May 12, 2015
From the President

Impact Investing: Where’s the Accelerator?

By Hilary Pearson

I spent a few days last week in Calgary attending meetings with philanthropic impact investors around the edges of the Community Foundations of Canada 2015 conference. The discussions on impact investing in Calgary followed similar talk at the Council on Foundations annual conference in San Francisco two weeks ago. At both meetings, the room was full of foundations and their advisors and the conversation was animated. Mission Investors Exchange captured the US sessions via a twitter feed. Clearly there is lots of interest. But still many questions about how to accelerate the pace.

In Canada, we talked about what it will take to “turbo-charge” the impact investing market for foundations (some interesting ideas but no breakthroughs yet). In the US, they talked about getting started and what barriers there might be to making initial impact investments. In both countries, we are commonly now using the term “impact investing” although confusingly it still has multiple definitions, and can include a range of investments from conventional direct investments in for profit companies with a social purpose all the way to loans to small charities. In both countries, the interest in impact investing among foundations is moving from the early adopters to a slightly larger minority of foundation investors willing to explore the field more boldly. In Canada, we are talking about setting ourselves a target of up to 10% of foundation portfolios in impact investments. According to the recent survey of member investment strategies by PFC, the number of member foundations intending to make an impact investment in 2015 is 14 (compared to 5 in 2012).

It is true that in both countries there are similar challenges:

  • Foundation boards seem to be applying tougher risk assessment constraints on their impact investments than on their conventional investments, or their grants.
  • The supply of impact investment products isn’t large enough yet.
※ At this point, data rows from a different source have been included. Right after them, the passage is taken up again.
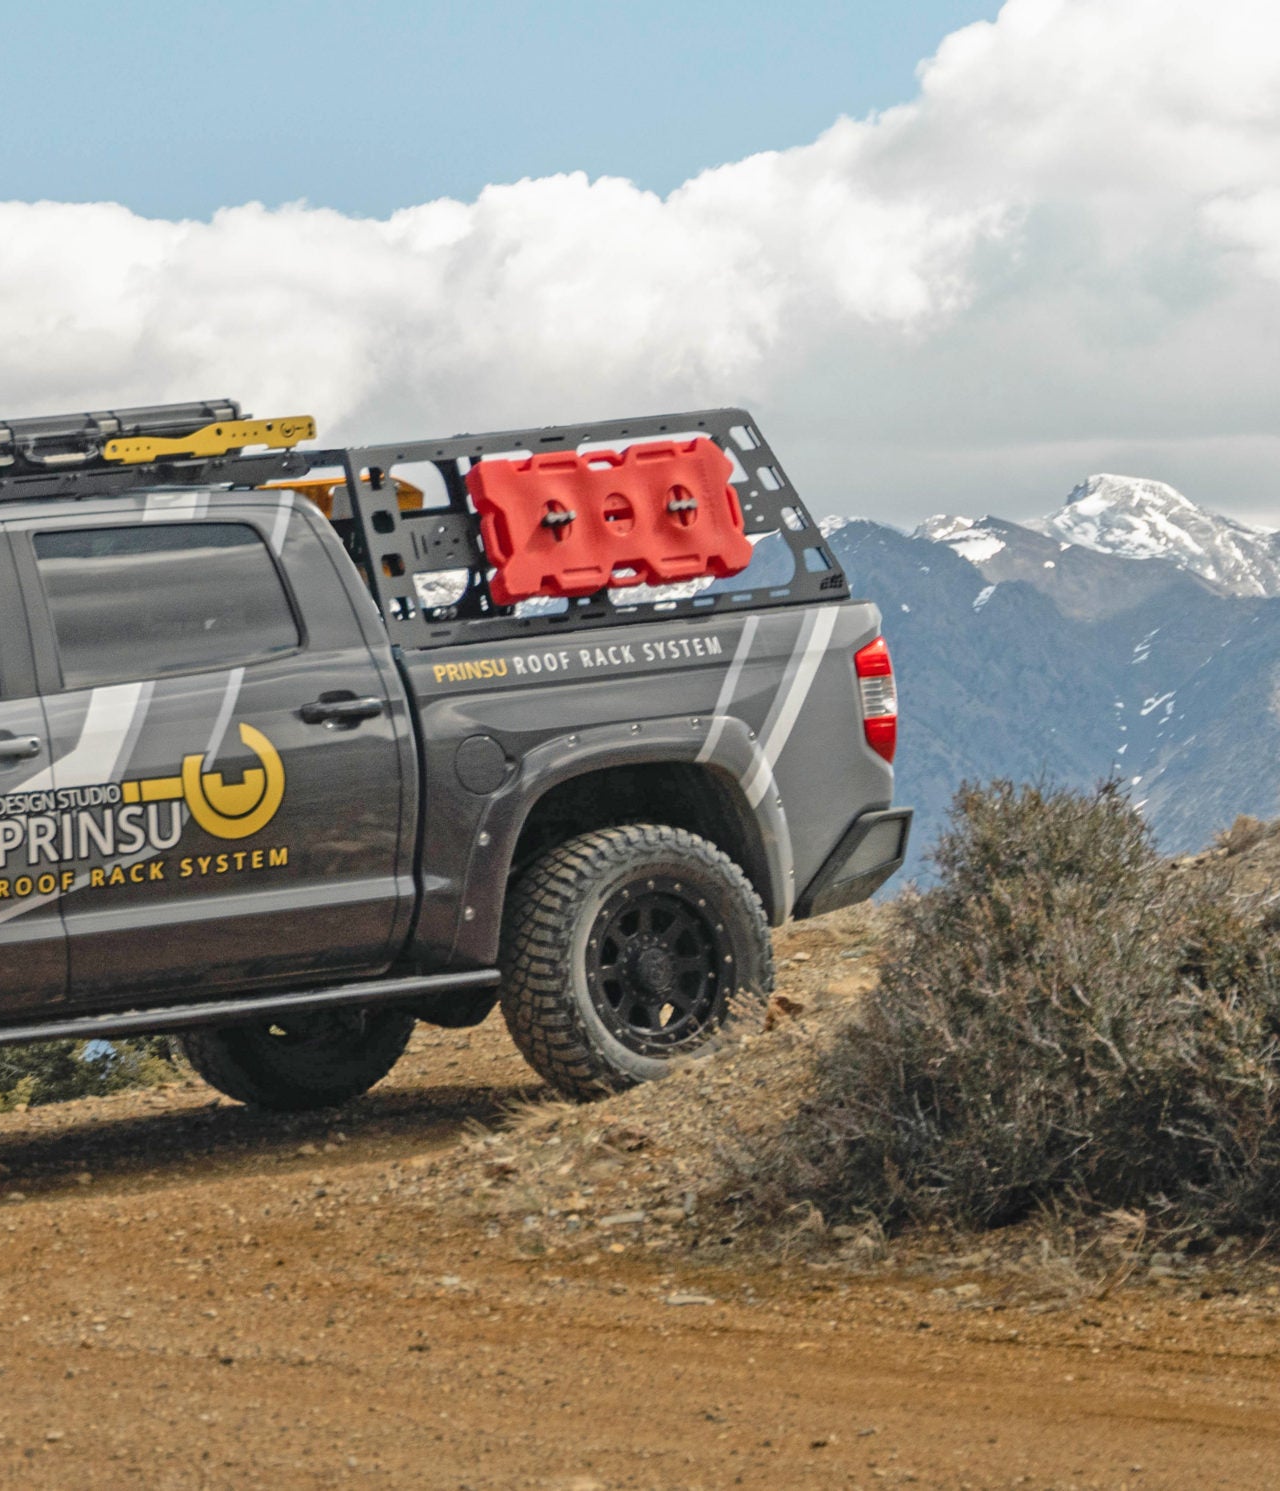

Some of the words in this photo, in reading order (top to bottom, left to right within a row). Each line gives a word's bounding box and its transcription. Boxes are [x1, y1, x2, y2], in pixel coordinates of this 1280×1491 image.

[433, 658, 508, 683] PRINSU
[512, 651, 570, 675] ROOF
[579, 645, 636, 668] RACK
[643, 636, 722, 662] SYSTEM
[56, 784, 121, 809] STUDIO
[90, 862, 165, 888] RACK
[179, 847, 289, 878] SYSTEM
Tim Ogden, blogging on the impact investing sessions for Alliance Magazine, noted that while the enthusiasm isn’t waning, the most common problem seems to be the pipeline of products.
  • And there is limited availability of intermediaries where a foundation can get help with due diligence and investment spotting. This is especially true in Canada. Foundations with limited capacity rely on their investment managers and these are fairly risk-averse (see above). Ogden noted that the momentum of the field moving forward may be determined by how many foundations control their own investment strategies. “Perhaps the most significant question that will dictate what a foundation will do in impact investing is one I hadn’t considered: is the foundation’s fund being managed in-house or by professional asset managers outside the foundation?”.

But the market is growing Strategies and investment return data are now much more common. There is clearly lots of room for more education and supporting foundation boards with tips in exploring impact investing strategies. PFC will be working with Community Foundations of Canada on more webinars and information materials through 2015. And the new federal rule on investing in Limited Partnerships should help on the supply side! I am certain there is opportunity and interest to grow the application of assets to mission going forward.